Duane:
"speaking theoretically"? Is that a good thing? : )
I try to employ the fastest Cartesians I can find. I'm not telling you
from where they come.
There are ways to improve performance.
If the sum is to be N, and you're finding the combinations of 6 values
that add up to the target, add up the 5 smallest values. Subtract that
from N and filter out all values larger than that. That reduces the
Cartesians quite a bit in some cases. Killing Cartesians we can call it.

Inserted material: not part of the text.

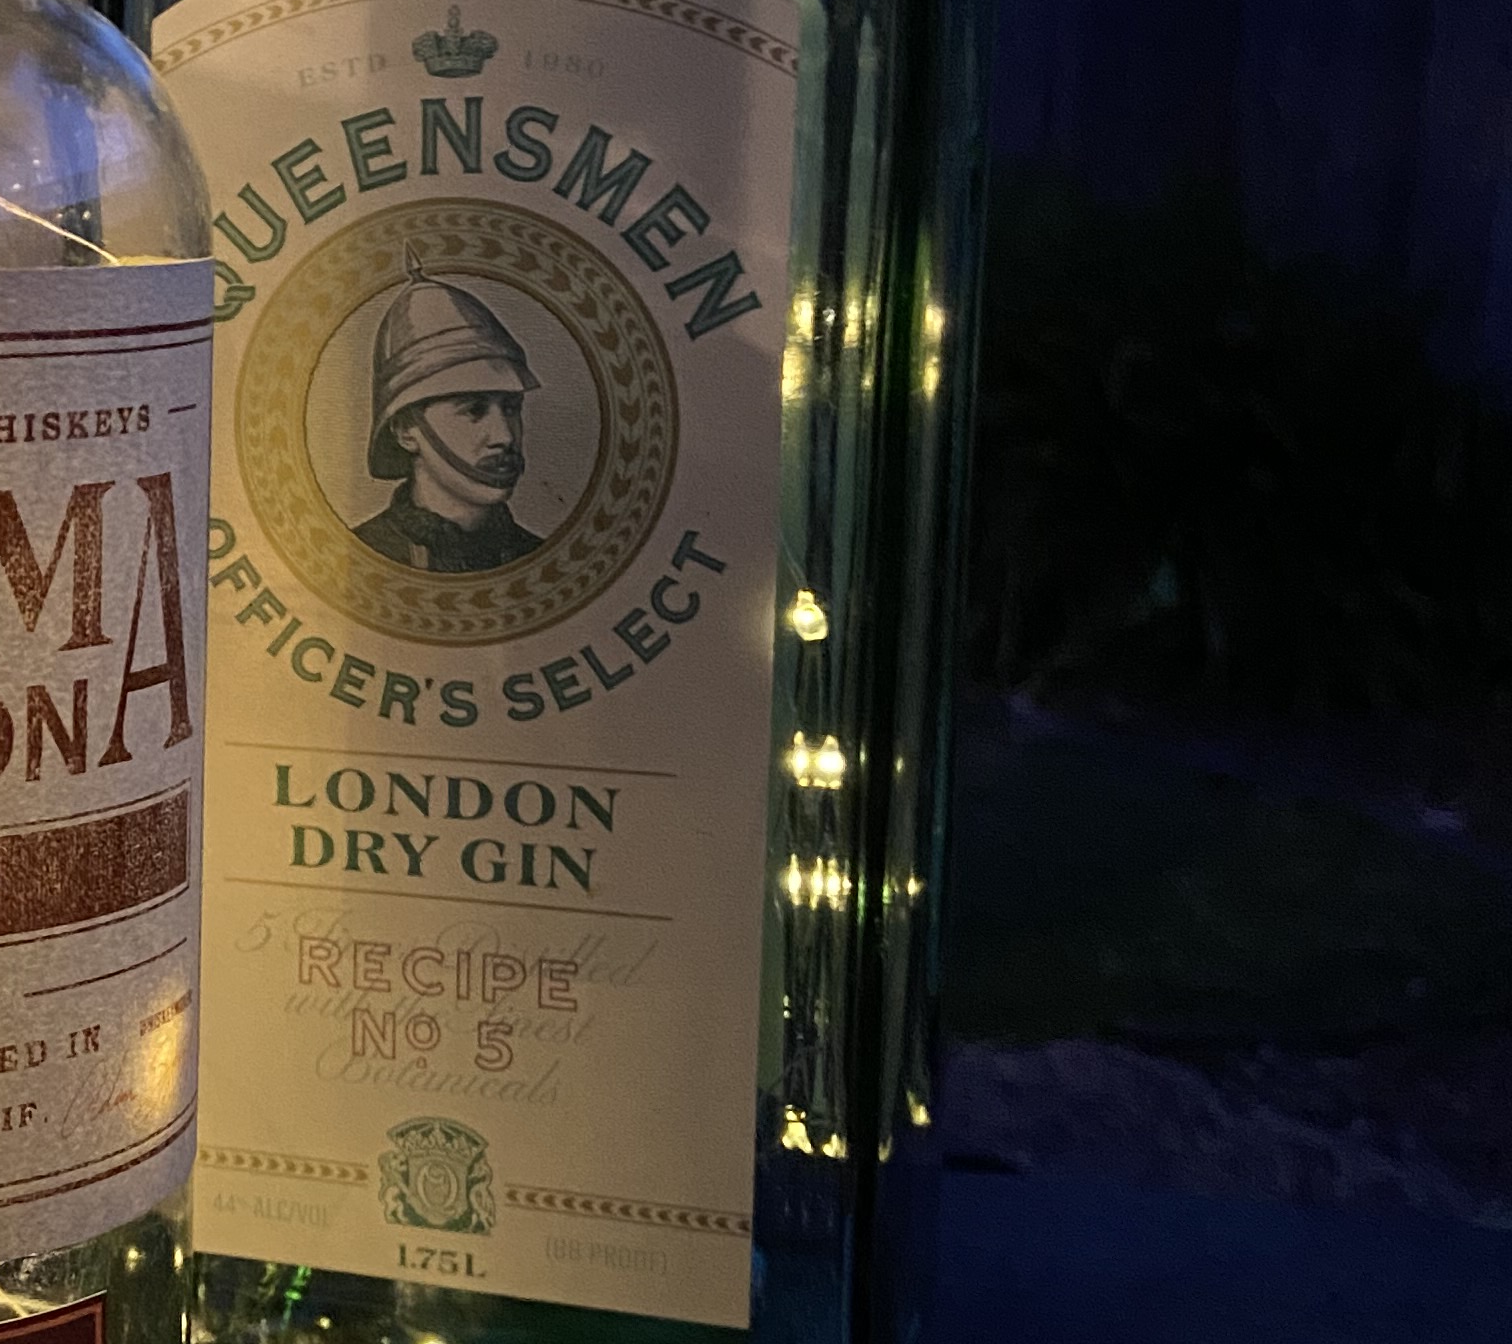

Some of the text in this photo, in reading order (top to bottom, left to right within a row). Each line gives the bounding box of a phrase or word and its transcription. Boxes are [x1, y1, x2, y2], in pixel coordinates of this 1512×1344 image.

Well, actually, we just deport them. Do this in subqueries in the FROM
clause, rather than filtering them out AFTER they have been created.
Faster.
Simply, if your sum is to be 300, you don't need to consider any number
larger than 300 (assuming there can be no negative values). I haven't
built that into this query yet. Had enough trouble with Jet as it is.
Worst I've ever seen!
I had a similar thread I answered a few years ago that had 10,000 values
in the table. The number of combinations were staggering. We were
picking football teams. I believe it came to 10^XXXX, that is, a 4 digit
number. We computed that computers don't last long enough to solve the
problem. It took only minutes to find a team of 6 players, though. We
managed to find a few ways to reduce the combinations, down to a 3 digit
exponent. Not very helpful in that set of circumstances, but it was a
large improvement. Perhaps my grandchildren will live to see this problem
solved.
Tom Ellison
Duane Hookom said:
I was only speaking theoretically (I learned that from Tom ;-). I stated
"You could write code to create the select statement" which would handle
multiple lists/values. I hadn't done the math on the number of
combinations but it ran fairly quickly with 5-6 records! Them Cartesians
know how to work fast.
--
Duane Hookom
MS Access MVP
--
Marshall Barton said:
Duane Hookom wrote:
Bizarre yes but possibly solvable with SQL. Assuming a smaller example
with
single field tables of
Table Field
======== ======
tblWidth Wdth
tblLength Lngth
tblHeight Hght
add values to the tables and attempt to find a "box" where the volume =
275.
SELECT Lngth, Wdth, Hght, [Lngth]*[wdth]*[Hght] AS Volume
FROM tblLength, tblWidth, tblHeight
WHERE [Lngth]*[wdth]*[Hght]= 275;
Selecting any combination of Lngth * Wdth = 275 or Lngth * Hght =275 or
just
Lngth = 275 would suggest you would need to add the value 1 to each
table.
This could be done with a union query if you didn't want to actually
enter 1
into each table.
If you had only one table of value, you would need to add the same table
into your query as many times as there are records in the table. You
could
write code to create the select statement.
It should all be possible but I am having trouble identifying a real
world
situation that would require this. (Maybe this is a homework assignment
and
we just helped a student).
Duane,
This approach would require a different query for each list
size. I.e. the query must know how many records are in the
table so you can use a matching number of joins.